Road Tunnel at Stonehenge
The road tunnel at Stonehenge is under review but looks as if it will be approved – finally. It’s all part of the upgrade to the A303 and will cost £1.6 billion in total. The tunnel itself will be 1.9 miles long, or 3 kilometers to those with a European streak. The tunnel in my photograph is surrounded by white concrete but it reminds us that the A303 runs across a mass of white chalk.
Peace at Last
The tunnel is intended ‘to restore the tranquil environment and setting of the monument’. That, of course, is a rather loaded promise. Is anyone alive who can recall when the monument was last ‘tranquil’? I very much doubt it.
Groups such as The Stonehenge Alliance and the International Council on Monuments and Sites (Icomos) are opposed. Their statements range from ‘severely flawed’ to ‘threatens fragile archaeology.’ The problem is that something needs to be done and few, if any, easy solutions are apparent.
Worst Case Scenario
Routes both south and north of Stonehenge have been considered. For me, any route south would need to bridge the River Avon. This would be close to where the prehistoric processional avenue leaves the river for Stonehenge. Any road or bridge development in that area would destroy the prehistoric landscape for ever. As for the north, that would split Stonehenge away from Salisbury Plain and the route upon which they dragged in the sarsons. The tunnel seems the least damaging option.

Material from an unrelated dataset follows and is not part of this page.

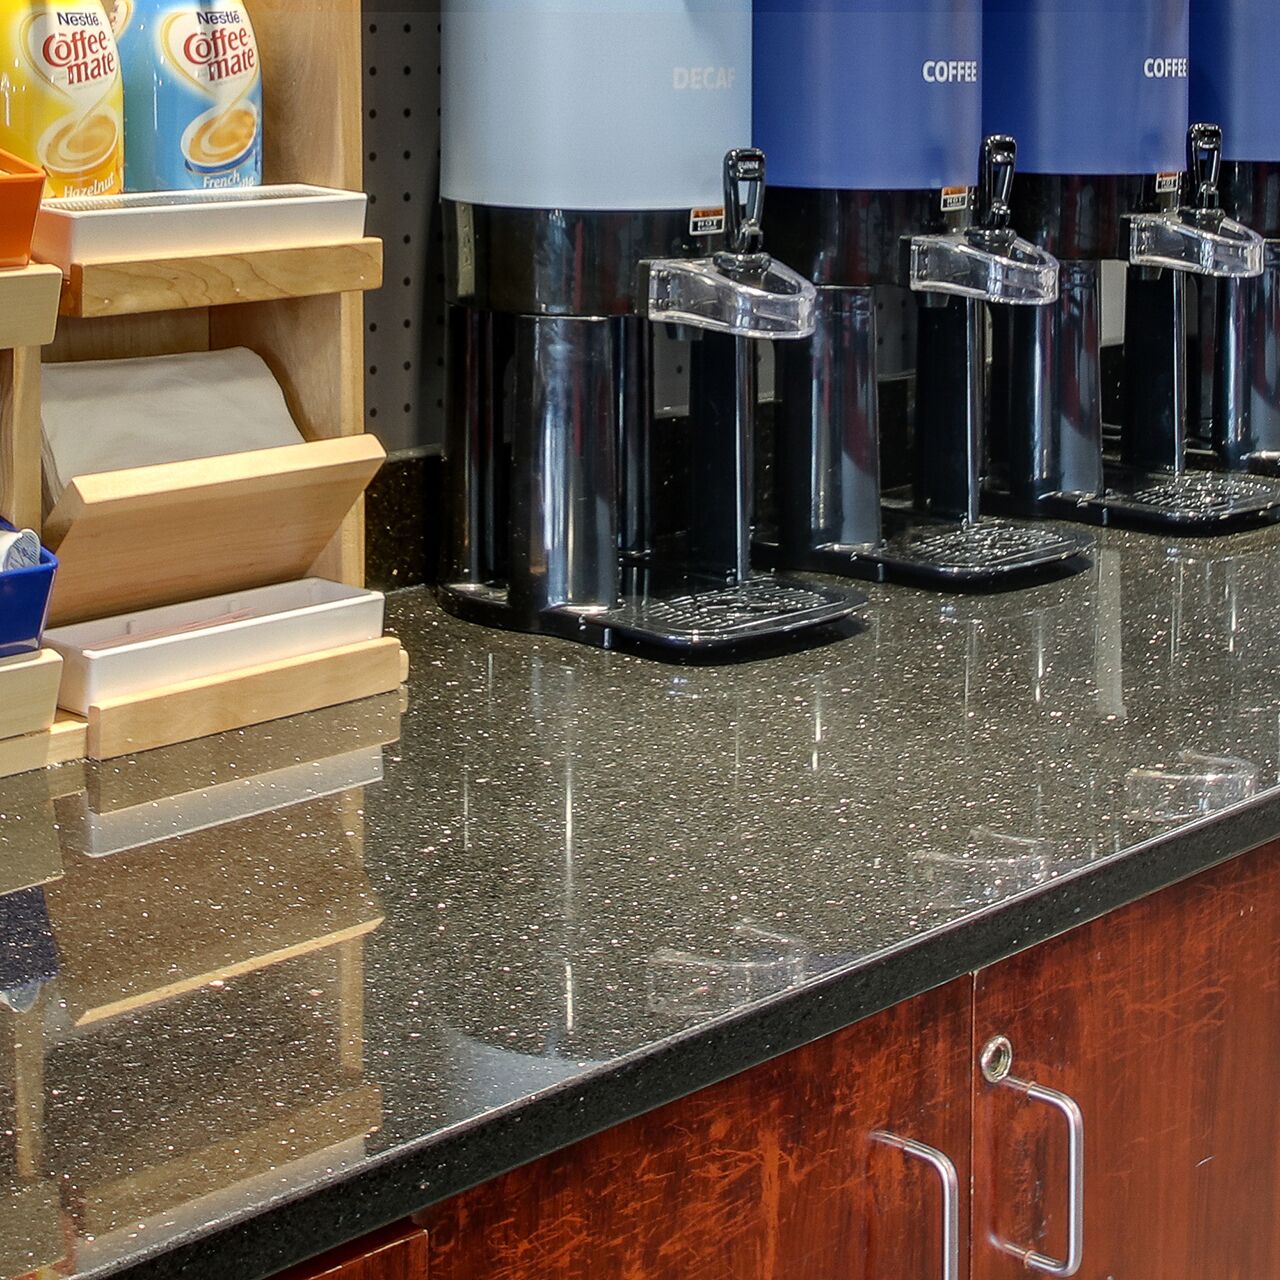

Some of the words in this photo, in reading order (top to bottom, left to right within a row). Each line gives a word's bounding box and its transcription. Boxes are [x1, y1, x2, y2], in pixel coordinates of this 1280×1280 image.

The road tunnel at Stonehenge
In my forthcoming book My Pagan Ancestor Zuri, both she and I visit Stonehenge. For me the experience is entirely spoiled by a long line of noisy traffic on the A303. It’s impossible to feel in tune with prehistory when modernism intrudes in such a way. English Heritage has tried hard to improve matters. The visitor centre, more especially its car park, is now out of sight. The proposed road tunnel would reinstate the line of the prehistoric avenue down to the River Avon, which is currently split by the A303. It would also remove the sight and sound of vehicles. The Neolithic feel of Stonehenge would be recovered. So, let’s get on with it!
As part of my finals for my archaeology degree I had to write about the various options for improving the traffic situation at Stonehenge – that was 33 years ago and still nothing has happened! That’s a very long consultation period!
Julie, its the routine now for everybody to have the right of comment, but somebody, somewhere, has to make a decision. Perhaps they did read your report before this solution was agreed?